Thailand’s health screening policy and practices: The case of Burmese migrants with tuberculosis
Supa Vittaporn*, Pimpawun Boonmongkon
Department of Society and Health, Faculty of Social Sciences and Humanities, Mahidol University, Nakhon Pathom 73170, Thailand
Burmese migrant workers who work legally in Thailand have to follow a migrant registration system, which includes a health screening procedure. This paper investigates the health screening procedure of Burmese migrants in Thailand.

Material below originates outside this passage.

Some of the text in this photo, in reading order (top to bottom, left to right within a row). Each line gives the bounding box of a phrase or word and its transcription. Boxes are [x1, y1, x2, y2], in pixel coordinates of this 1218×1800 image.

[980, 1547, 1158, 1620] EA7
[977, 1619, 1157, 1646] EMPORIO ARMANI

Since ethnography is very useful for social research, the investigator of this study employed an ethnographic perceptive, in which the dual roles of the ethnographer are used to develop an understanding of what it is like to live in a particular setting: the investigator must both become a part of the lives of the participants of the study while also maintaining the role of an observer. The information in this study was also derived from in-depth interviews, field notes, and formal and informal interviews with 13 migrant workers with tuberculosis (TB), 4 members of a TB self-help group, 4 migrant health volunteers, 17 family members of TB patients, and 5 hospital staff.
The results of the study showed that the screening of the health of Burmese migrant workers was associated with discrimination, fear that the migrants might spread TB, and the government’s concern about the treatment cost. The screening for the health of migrants is especially presented as a health policy to monitor health issues and to prevent the spread of infectious disease to the Thai people.